What is required.
Every record must come back unchanged, apart from the pictures, which are dropped.

Saved entries.
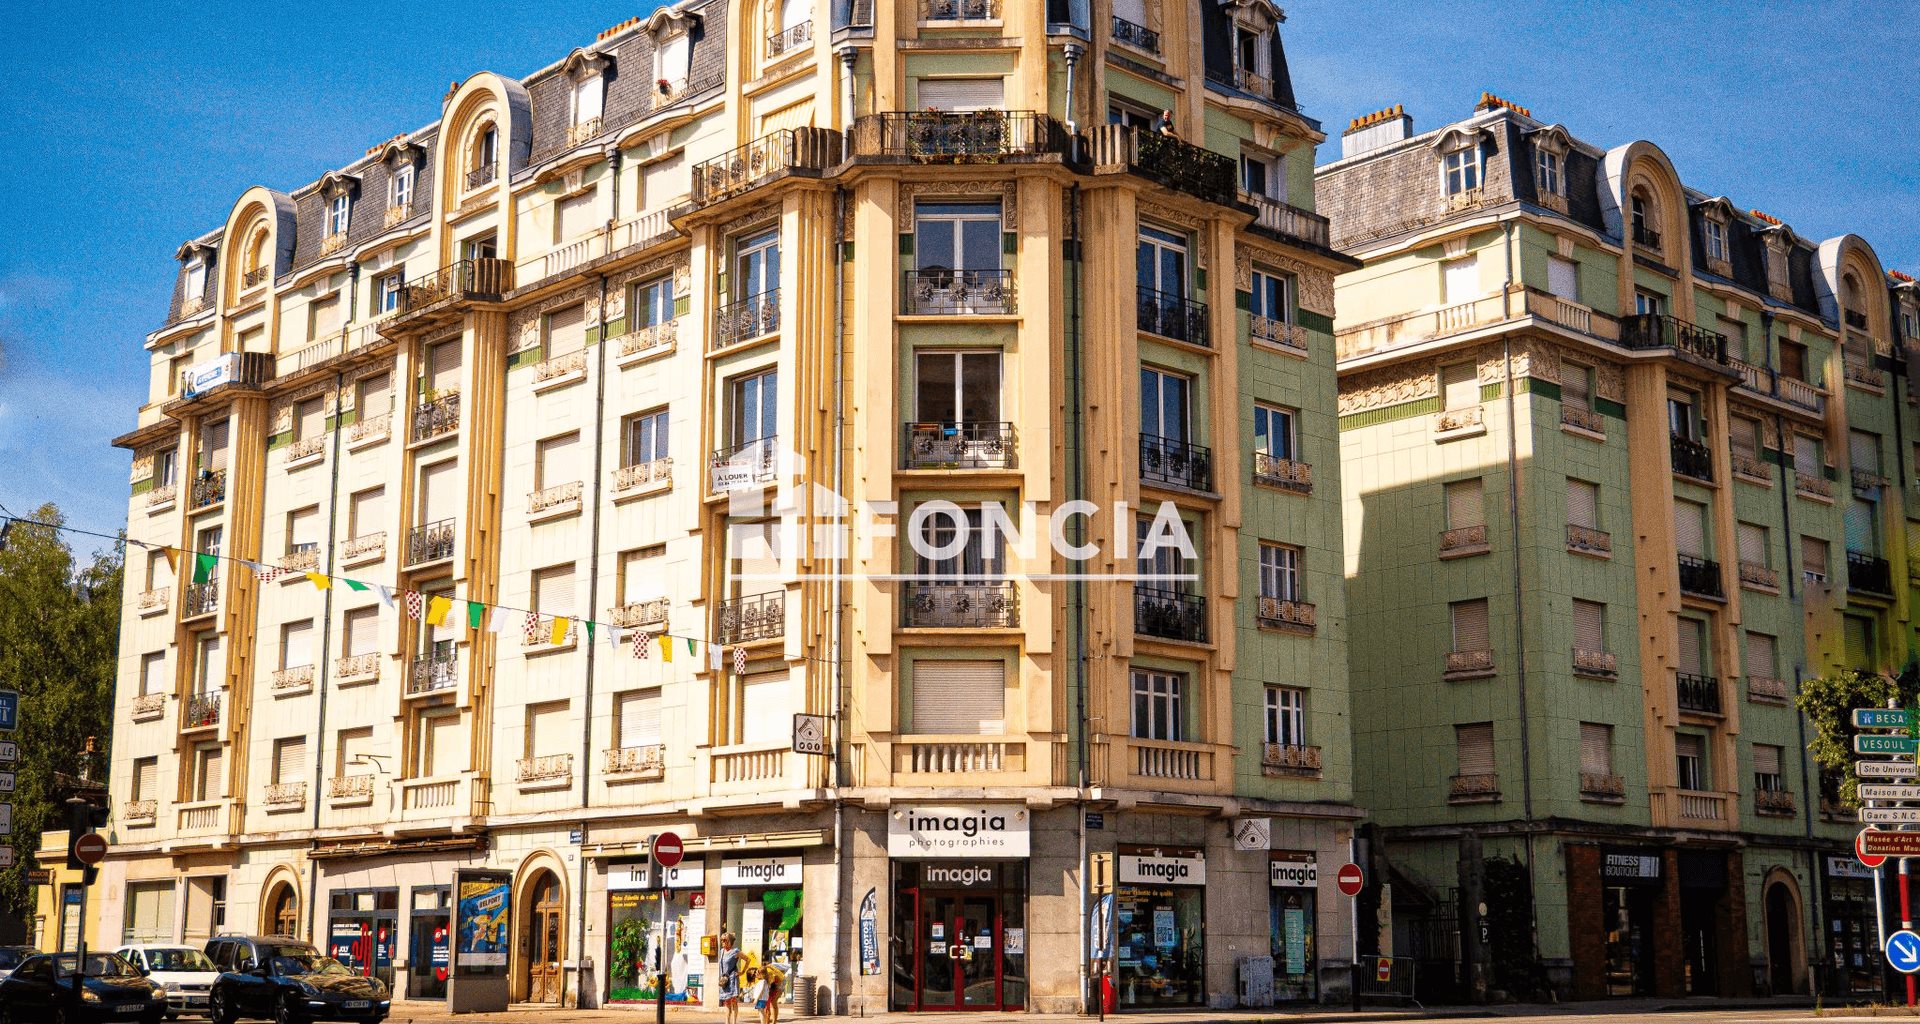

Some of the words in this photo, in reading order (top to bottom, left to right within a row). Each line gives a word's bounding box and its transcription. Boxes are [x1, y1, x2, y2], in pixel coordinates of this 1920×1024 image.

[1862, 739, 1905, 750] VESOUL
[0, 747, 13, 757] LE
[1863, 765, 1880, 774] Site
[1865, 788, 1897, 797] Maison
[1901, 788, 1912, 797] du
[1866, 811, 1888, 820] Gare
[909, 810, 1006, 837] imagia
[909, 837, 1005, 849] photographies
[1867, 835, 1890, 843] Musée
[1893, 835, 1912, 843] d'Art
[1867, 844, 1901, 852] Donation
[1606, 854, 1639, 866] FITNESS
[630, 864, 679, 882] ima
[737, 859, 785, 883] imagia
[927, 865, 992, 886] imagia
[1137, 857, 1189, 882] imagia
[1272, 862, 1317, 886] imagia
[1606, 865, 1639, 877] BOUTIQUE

Result.
Some of the words in this photo, in reading order (top to bottom, left to right within a row). Each line gives a word's bounding box and its transcription. Boxes are [x1, y1, x2, y2], in pixel coordinates of this 1920×1024 image.

[1862, 739, 1905, 750] VESOUL
[0, 747, 13, 757] LE
[1863, 765, 1880, 774] Site
[1865, 788, 1897, 797] Maison
[1901, 788, 1912, 797] du
[1866, 811, 1888, 820] Gare
[909, 810, 1006, 837] imagia
[909, 837, 1005, 849] photographies
[1867, 835, 1890, 843] Musée
[1893, 835, 1912, 843] d'Art
[1867, 844, 1901, 852] Donation
[1606, 854, 1639, 866] FITNESS
[630, 864, 679, 882] ima
[737, 859, 785, 883] imagia
[927, 865, 992, 886] imagia
[1137, 857, 1189, 882] imagia
[1272, 862, 1317, 886] imagia
[1606, 865, 1639, 877] BOUTIQUE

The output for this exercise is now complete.